Task description »
All lines from the one containing "Some of the text" through the end of the entries below should appear in the answer exactly, with no others.

··· Data ···

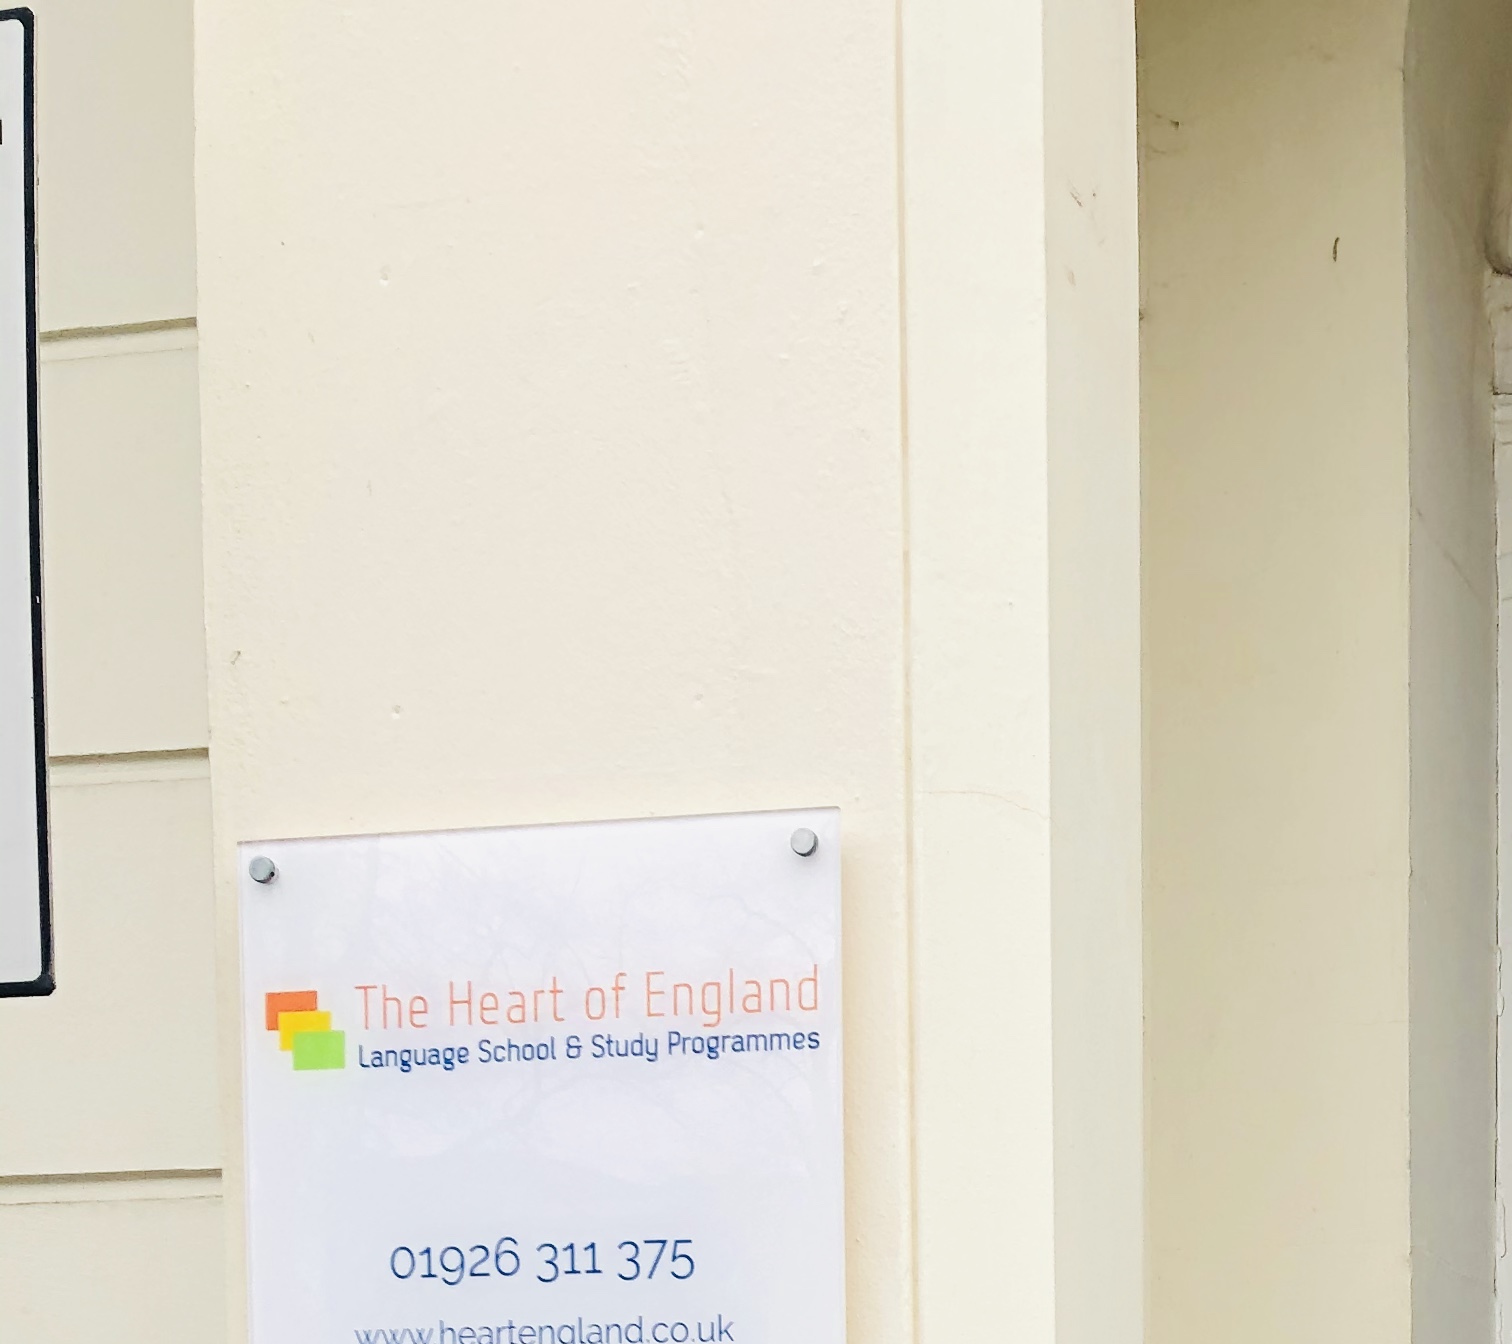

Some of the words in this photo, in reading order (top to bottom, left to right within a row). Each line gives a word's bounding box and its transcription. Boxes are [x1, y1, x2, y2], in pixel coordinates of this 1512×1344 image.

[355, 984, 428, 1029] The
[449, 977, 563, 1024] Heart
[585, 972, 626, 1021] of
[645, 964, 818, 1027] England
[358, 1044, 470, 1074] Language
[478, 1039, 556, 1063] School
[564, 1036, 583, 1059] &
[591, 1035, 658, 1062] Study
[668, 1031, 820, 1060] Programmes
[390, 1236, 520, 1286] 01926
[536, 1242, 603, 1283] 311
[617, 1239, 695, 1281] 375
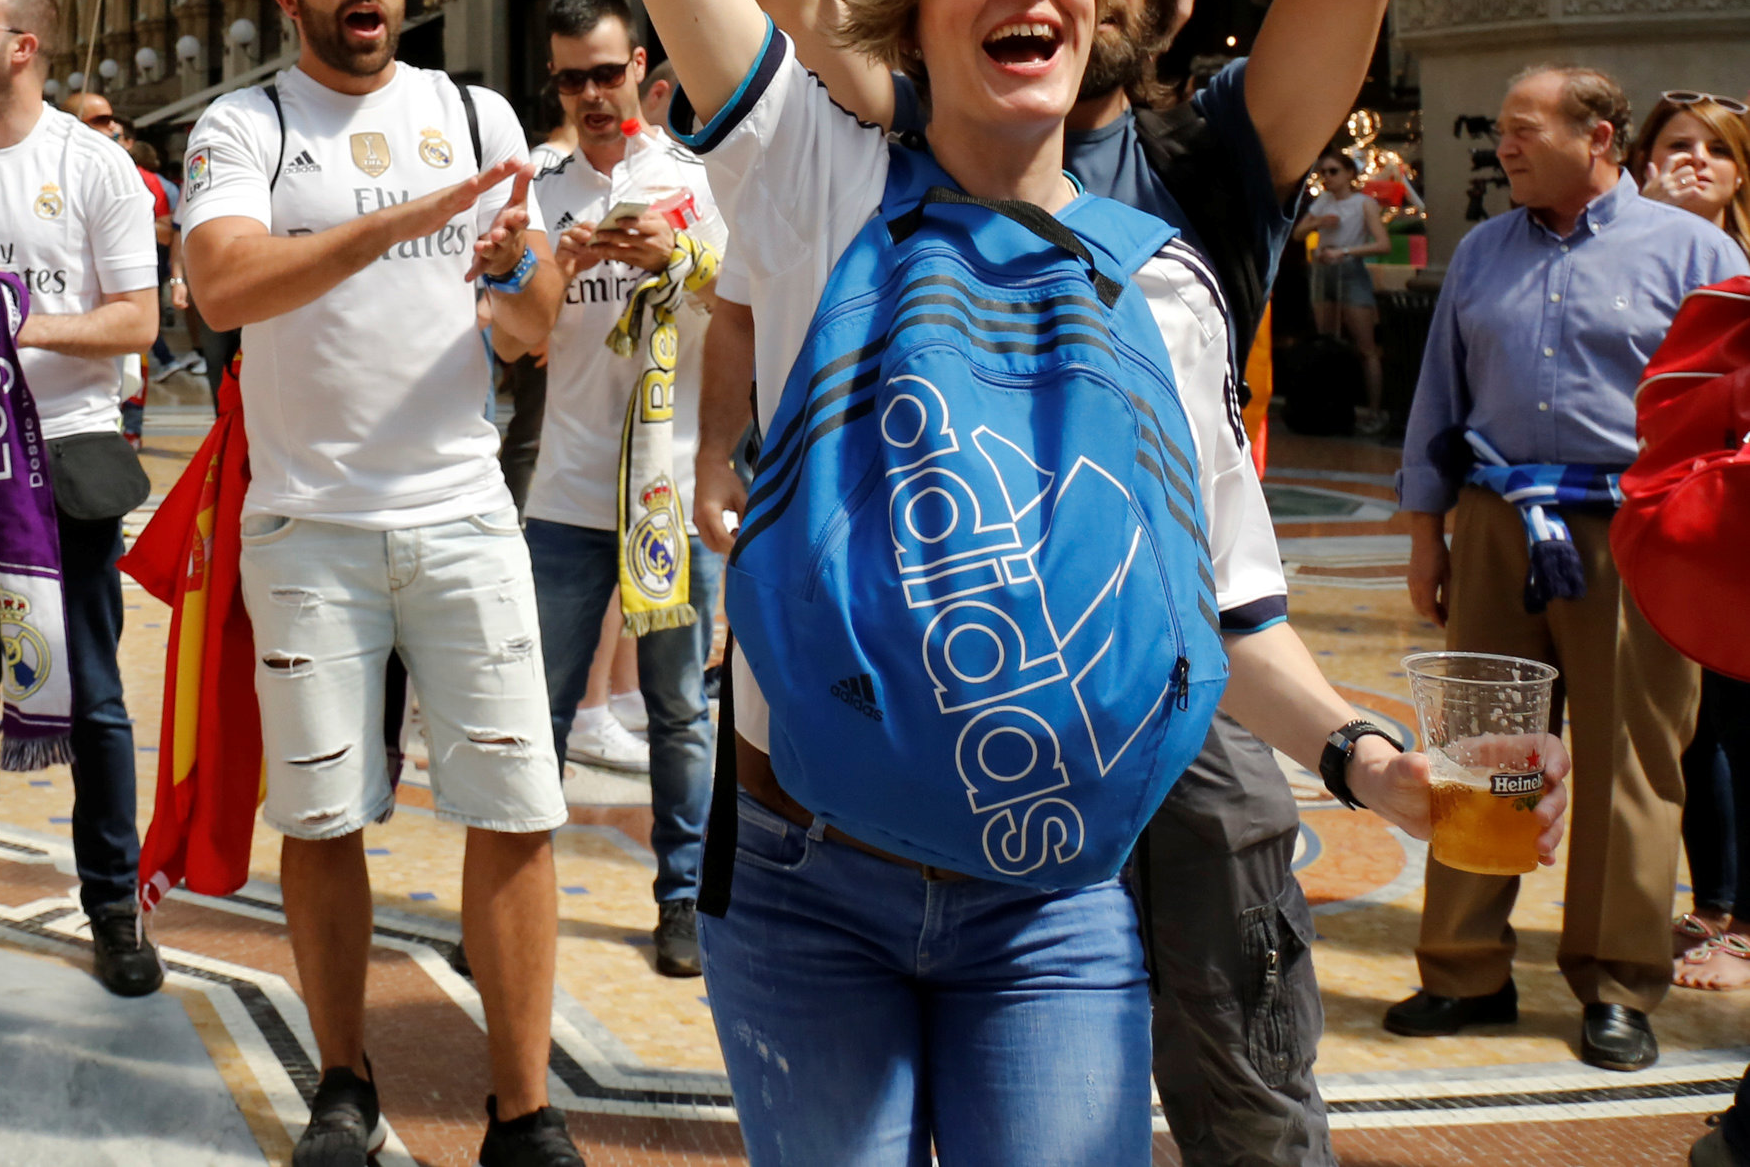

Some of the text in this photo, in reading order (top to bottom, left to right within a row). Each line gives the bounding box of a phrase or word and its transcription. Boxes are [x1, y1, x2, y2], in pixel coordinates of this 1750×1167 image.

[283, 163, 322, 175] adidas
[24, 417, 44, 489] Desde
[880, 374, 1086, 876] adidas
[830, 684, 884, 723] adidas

···

Answer below »
Some of the text in this photo, in reading order (top to bottom, left to right within a row). Each line gives the bounding box of a phrase or word and its transcription. Boxes are [x1, y1, x2, y2], in pixel coordinates of this 1750×1167 image.

[283, 163, 322, 175] adidas
[24, 417, 44, 489] Desde
[880, 374, 1086, 876] adidas
[830, 684, 884, 723] adidas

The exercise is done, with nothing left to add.